Allo Spazio Raw di Milano, la mostra personale "Forma Mentis" di Aldo Righetti, a cura di Anna Mola.


Aldo Righetti 
The Big Bubble 60x43,5x3,5 2016
 
“Forma Mentis” è la prima esposizione personale dell’artista ligure Aldo Righetti. In questa mostra l’autore presenta 10 opere che descrivono il suo percorso di ricerca, fino alle sue ultime creazioni. Concettuali, minimaliste e dai tratti essenziali, i quadri-sculture di Righetti, si ispirano all’estetica industriale, per veicolare concetti su temi di grande attualità quali la società, le disuguaglianze, l’immigrazione.
I moduli che costituiscono queste “sculture da appendere” sono caratterizzati da forme geometriche come cerchi, quadrati, cubi, sfere e linee che si ripetono, andando a formare composizioni e scomposizioni armoniche, mai banali o disequilibrate.
Esse attraversano il mondo del design, dell’archiettetura e dell’arte e ognuna di loro si pone come riflessione su grandi temi dell’epoca contemporanea. La semplicità di uno stile che si potrebbe definire “silenzioso” è così completata attraverso messaggi umanitari e antropologici e l’invito a riflettere su questi ultimi.
La crisi economica e la conseguente disparità, sempre più evidente, sugli strati della popolazione; il nuovo significato da attribuire a termini come “verità”, “valore”, “lavoro” sono alcuni dei pensieri che hanno ispirato Righetti e la sua arte. Fino ad arrivare alla serie di opere più recenti che si focalizzano sul delicato tema dell’immigrazione e – più in generale – sulle difficoltà nell’incontro del diverso: difficoltà che purtroppo a volte si trasformano in paura, violenza e rifiuto.
Questa esposizione si pone quindi l’obiettivo, attraverso le opere e i testi dell’autore stesso, di condividere portare alla conoscenza del pubblico un’estetica sobria e minimale che reca in sé una pluralità di contenuti etici e sociologici.

Breve biografia: Aldo Righetti, è nato a La Spezia nel 1964, città dove vive e opera. Ha esposto in diverse mostre collettive. Dal 2008 ha eseguito dei murals e realizzato orologi solari (meridiane) nel paese nativo: Bracelli. Dal 2015 è artista permanente presso la Galleria Wikiarte di Bologna.
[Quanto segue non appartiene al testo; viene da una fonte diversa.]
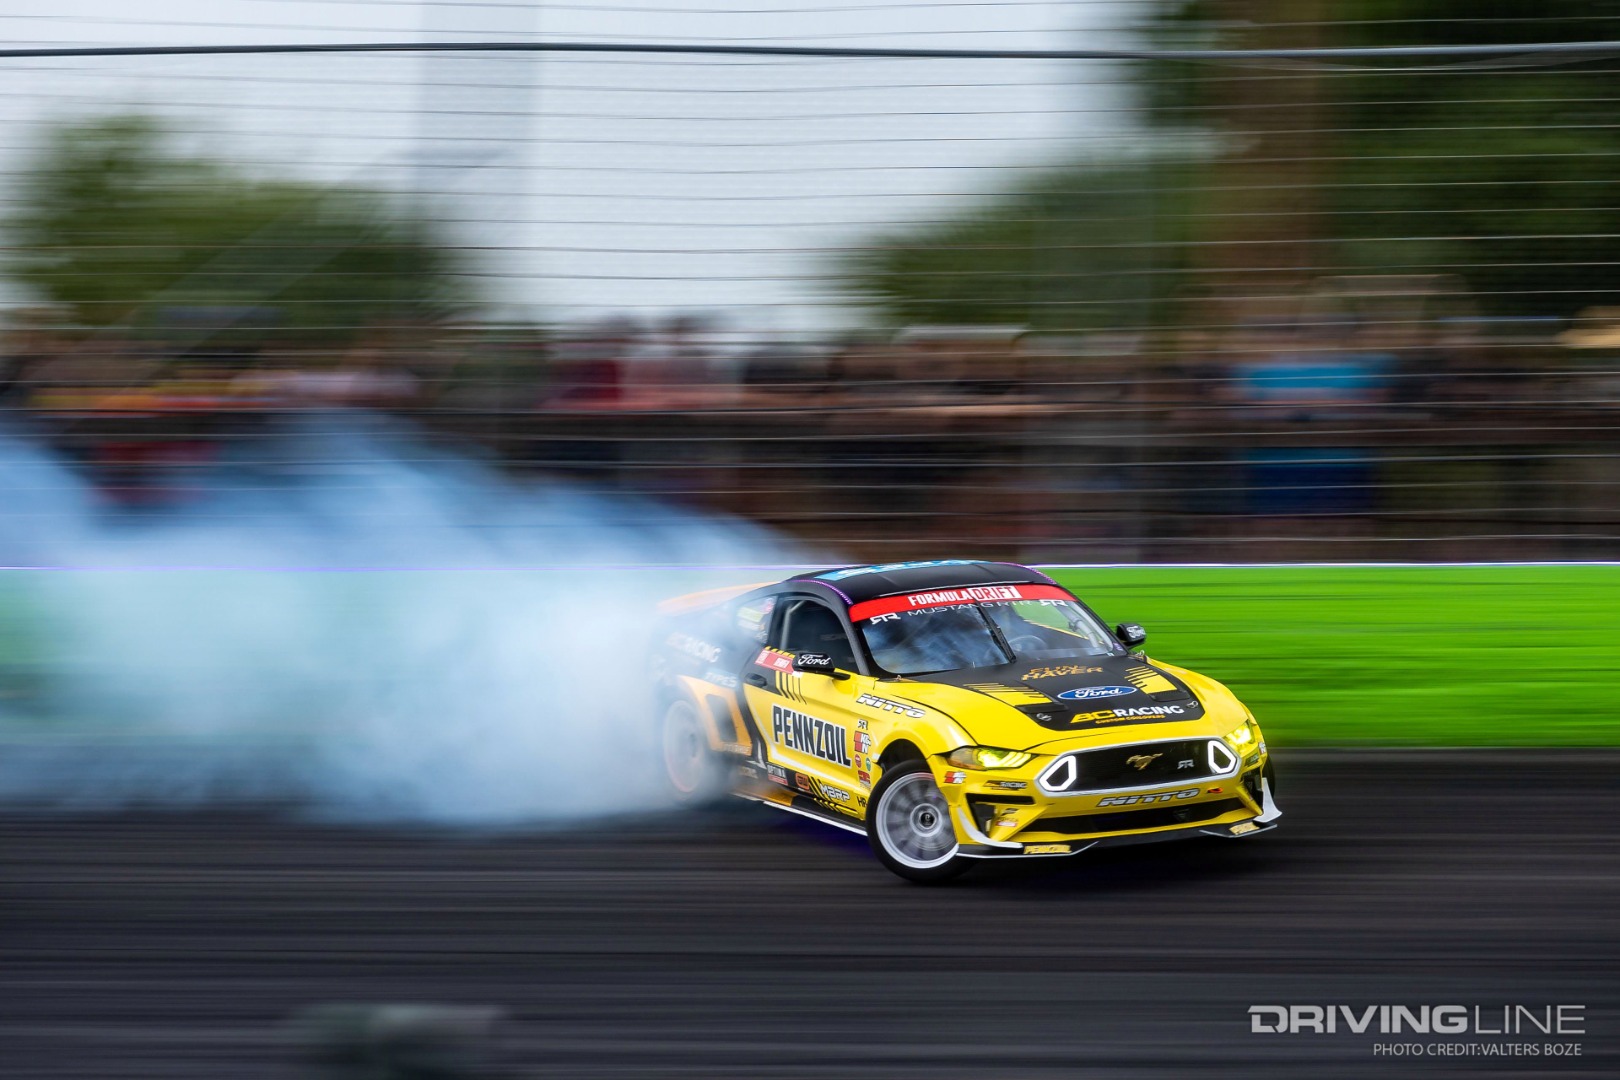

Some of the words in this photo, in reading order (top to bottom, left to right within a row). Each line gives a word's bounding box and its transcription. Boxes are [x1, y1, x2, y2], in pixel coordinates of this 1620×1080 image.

Ha partecipato alla Fiera Art-Expò di New York e alla Fiera Art Parma Fair. Nello stesso anno è stato premiato nel 20° Concorso Nazionale d’Arte Contemporanea indetto dalla Galleria Satura Genova. A marzo 2016 è stato insignito del   Premio istituzionale “Trofeo Regione Liguria” al Premio Ligures Sarzana (SP). www.aldorighetti.com

Curatrice: Anna Mola è critica e curatrice indipendente, insegnante di storia della fotografia. Realizza e collabora a progetti dedicati all'arte contemporanea e alla fotografia. Ha collaborato con l'Università degli Studi di Milano e organizzato e curato in Italia, oltre venticinque esposizioni personali e collettive di fotografia, pittura e scultura. annamola.wordpress.com

Mostra: Forma Mentis
Autore: Aldo Righetti
Curatela: Anna Mola
Luogo: Spazio Raw
Indirizzo: Corso di Porta Ticinese 69 – Milano
Inaugurazione: Giovedì 9 marzo ore 18:30
Periodo: dal 9 al 22 marzo 2017
Orario: 15:00-19:30
Da lunedì a venerdì. Sabato e domenica su appuntamento. Ingresso libero.